Top of Supplied records
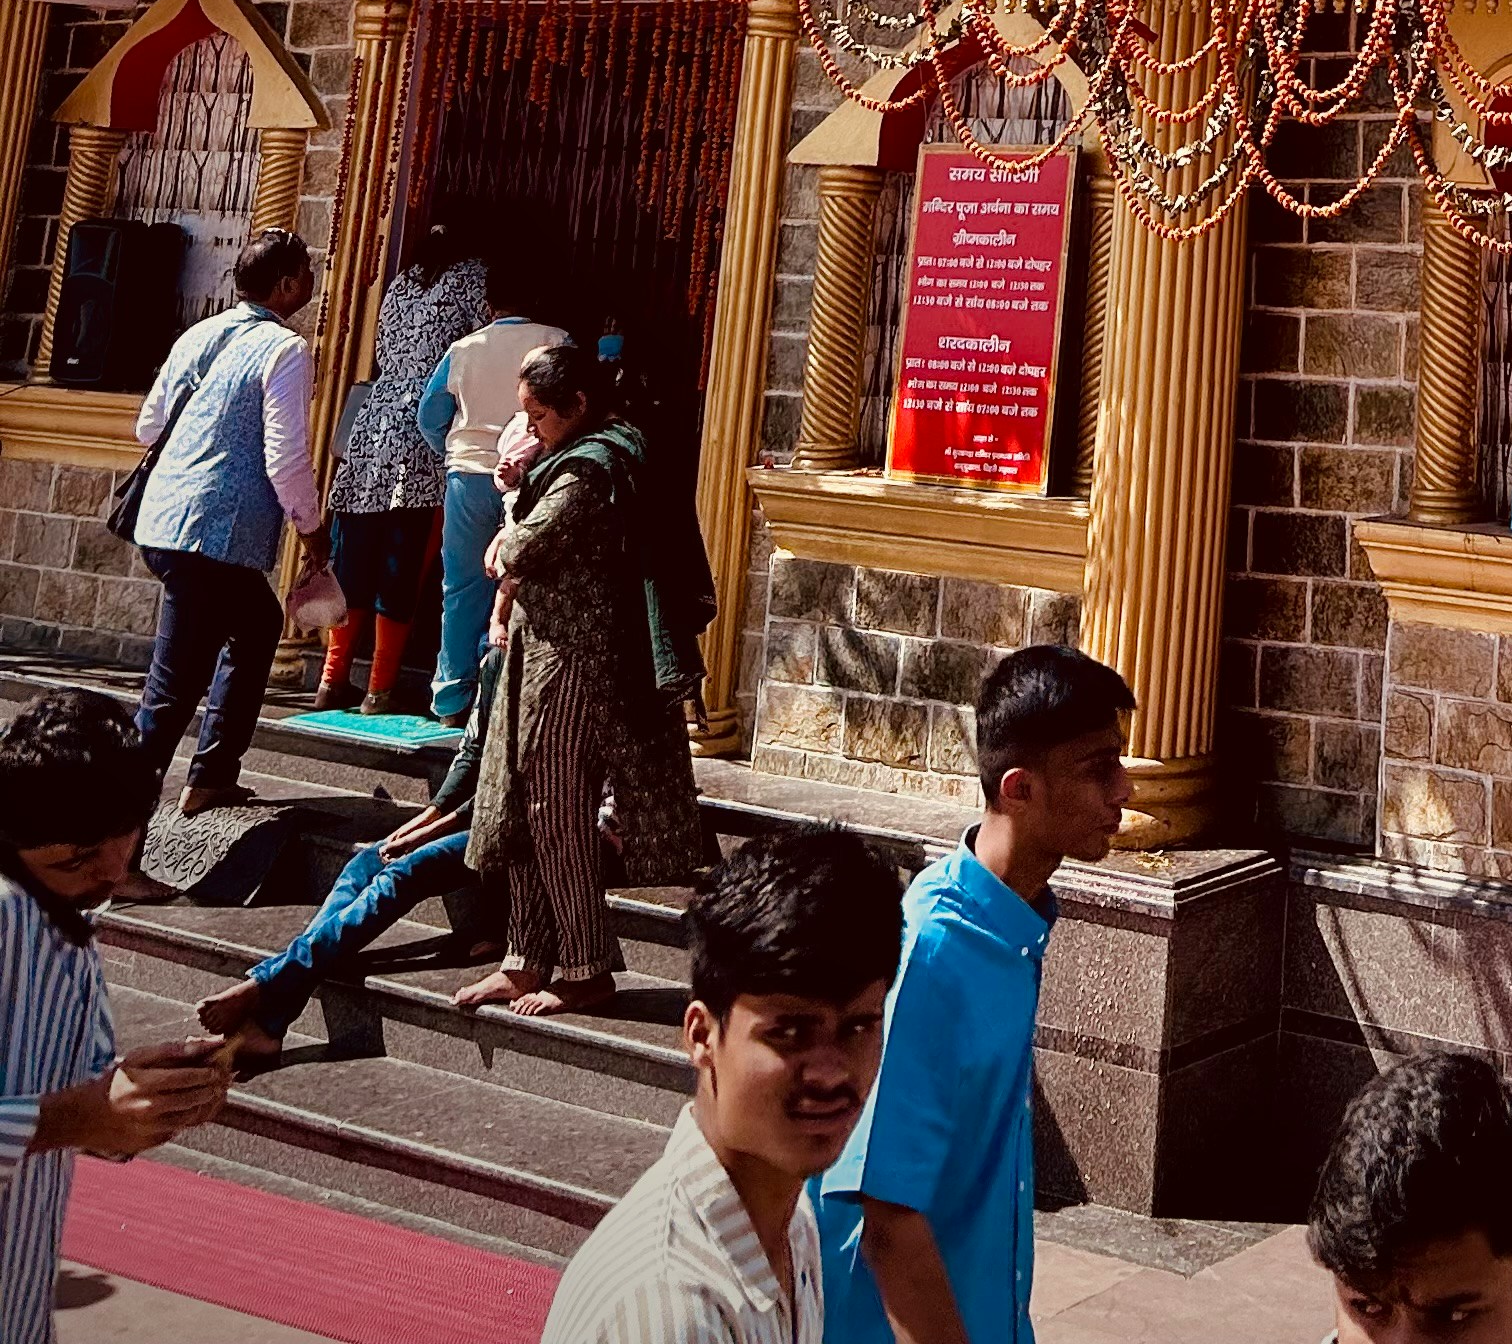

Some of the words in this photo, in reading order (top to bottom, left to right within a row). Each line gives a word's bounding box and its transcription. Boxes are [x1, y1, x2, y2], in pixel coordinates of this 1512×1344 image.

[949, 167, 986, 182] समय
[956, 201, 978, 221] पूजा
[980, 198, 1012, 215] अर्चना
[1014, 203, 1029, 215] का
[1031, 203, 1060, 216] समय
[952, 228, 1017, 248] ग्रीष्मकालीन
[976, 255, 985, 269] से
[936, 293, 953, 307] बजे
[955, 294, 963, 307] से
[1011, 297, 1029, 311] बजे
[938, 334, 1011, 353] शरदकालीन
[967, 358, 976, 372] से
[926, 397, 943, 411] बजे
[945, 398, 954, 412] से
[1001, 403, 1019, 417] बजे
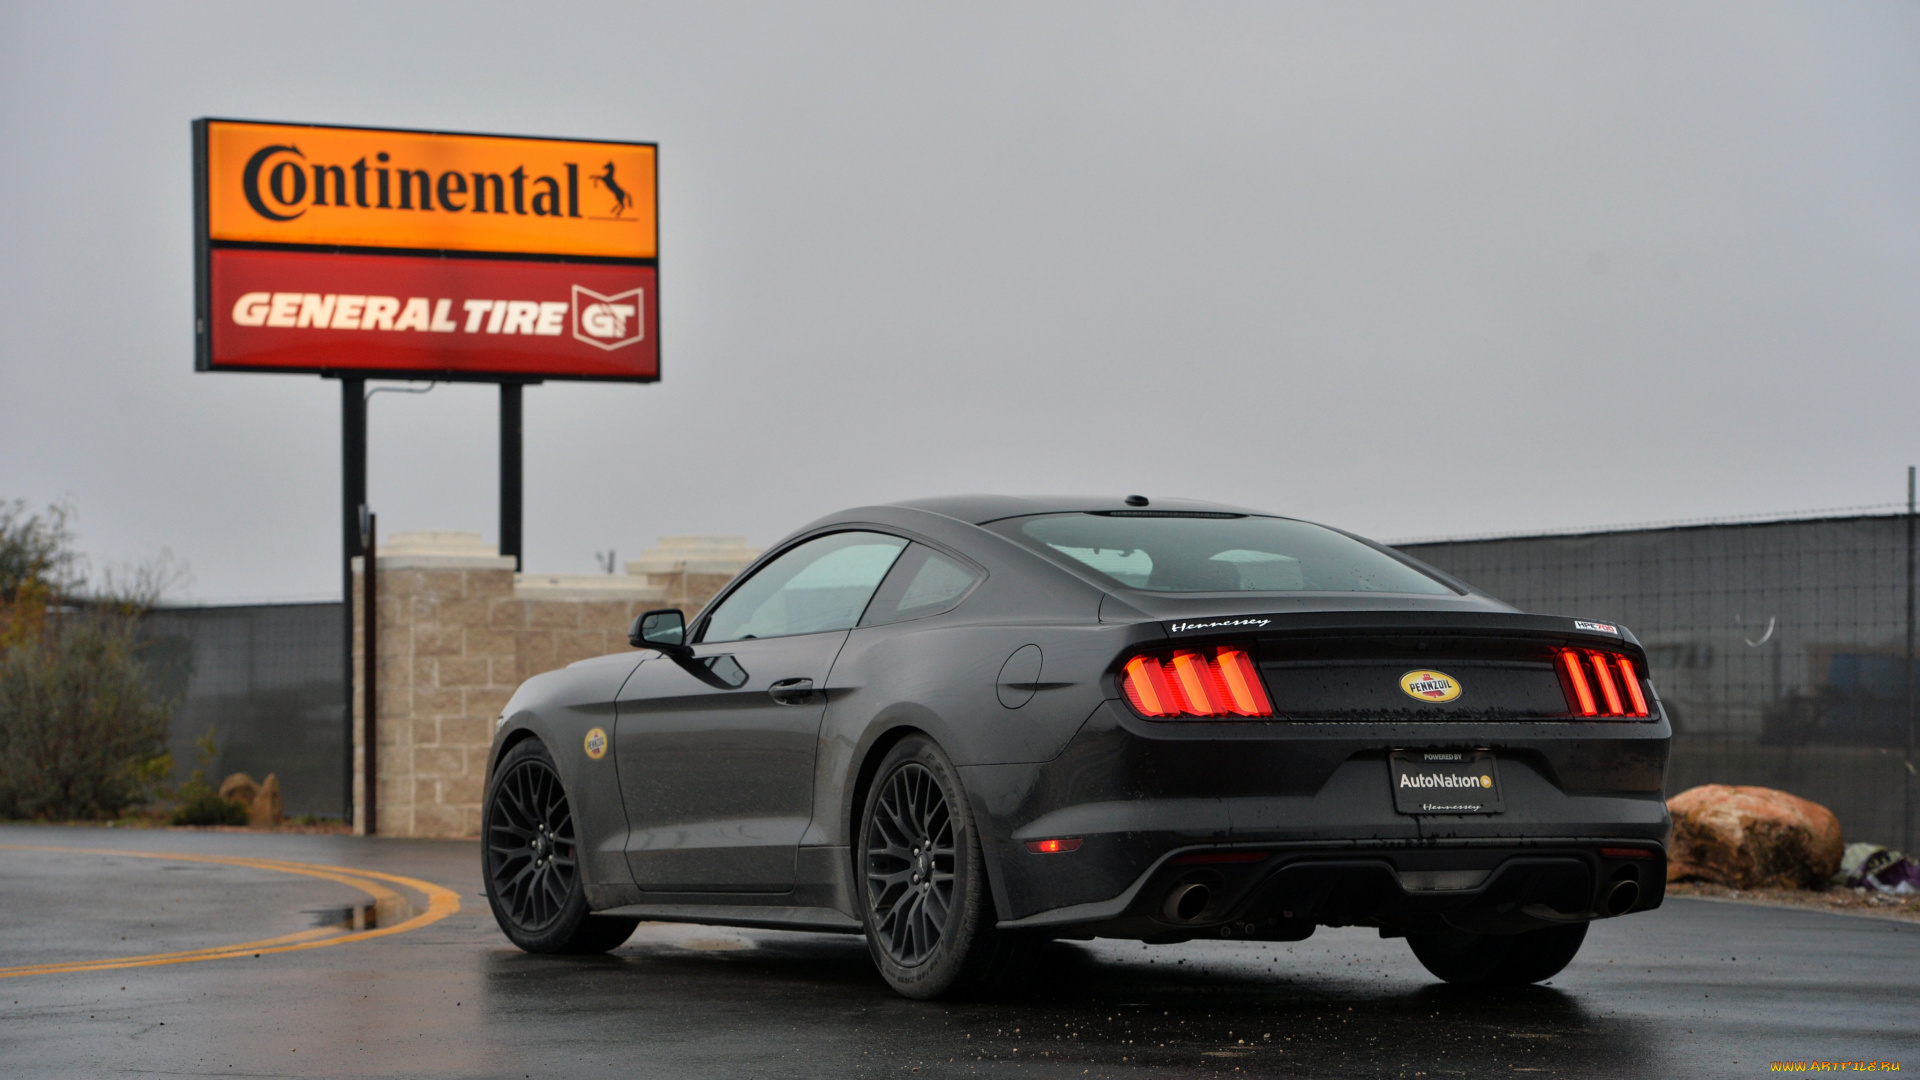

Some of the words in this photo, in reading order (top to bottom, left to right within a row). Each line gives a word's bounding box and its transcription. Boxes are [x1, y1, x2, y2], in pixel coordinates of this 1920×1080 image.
Bottom of Supplied records
**Work task:**
All that is needed is an exact copy of the entries above, minus the pictures.

**Solution for this exercise:**
Some of the words in this photo, in reading order (top to bottom, left to right within a row). Each line gives a word's bounding box and its transcription. Boxes are [x1, y1, x2, y2], in pixel coordinates of this 1512×1344 image.

[949, 167, 986, 182] समय
[956, 201, 978, 221] पूजा
[980, 198, 1012, 215] अर्चना
[1014, 203, 1029, 215] का
[1031, 203, 1060, 216] समय
[952, 228, 1017, 248] ग्रीष्मकालीन
[976, 255, 985, 269] से
[936, 293, 953, 307] बजे
[955, 294, 963, 307] से
[1011, 297, 1029, 311] बजे
[938, 334, 1011, 353] शरदकालीन
[967, 358, 976, 372] से
[926, 397, 943, 411] बजे
[945, 398, 954, 412] से
[1001, 403, 1019, 417] बजे

Some of the words in this photo, in reading order (top to bottom, left to right within a row). Each line gives a word's bounding box and its transcription. Boxes are [x1, y1, x2, y2], in pixel coordinates of this 1920×1080 image.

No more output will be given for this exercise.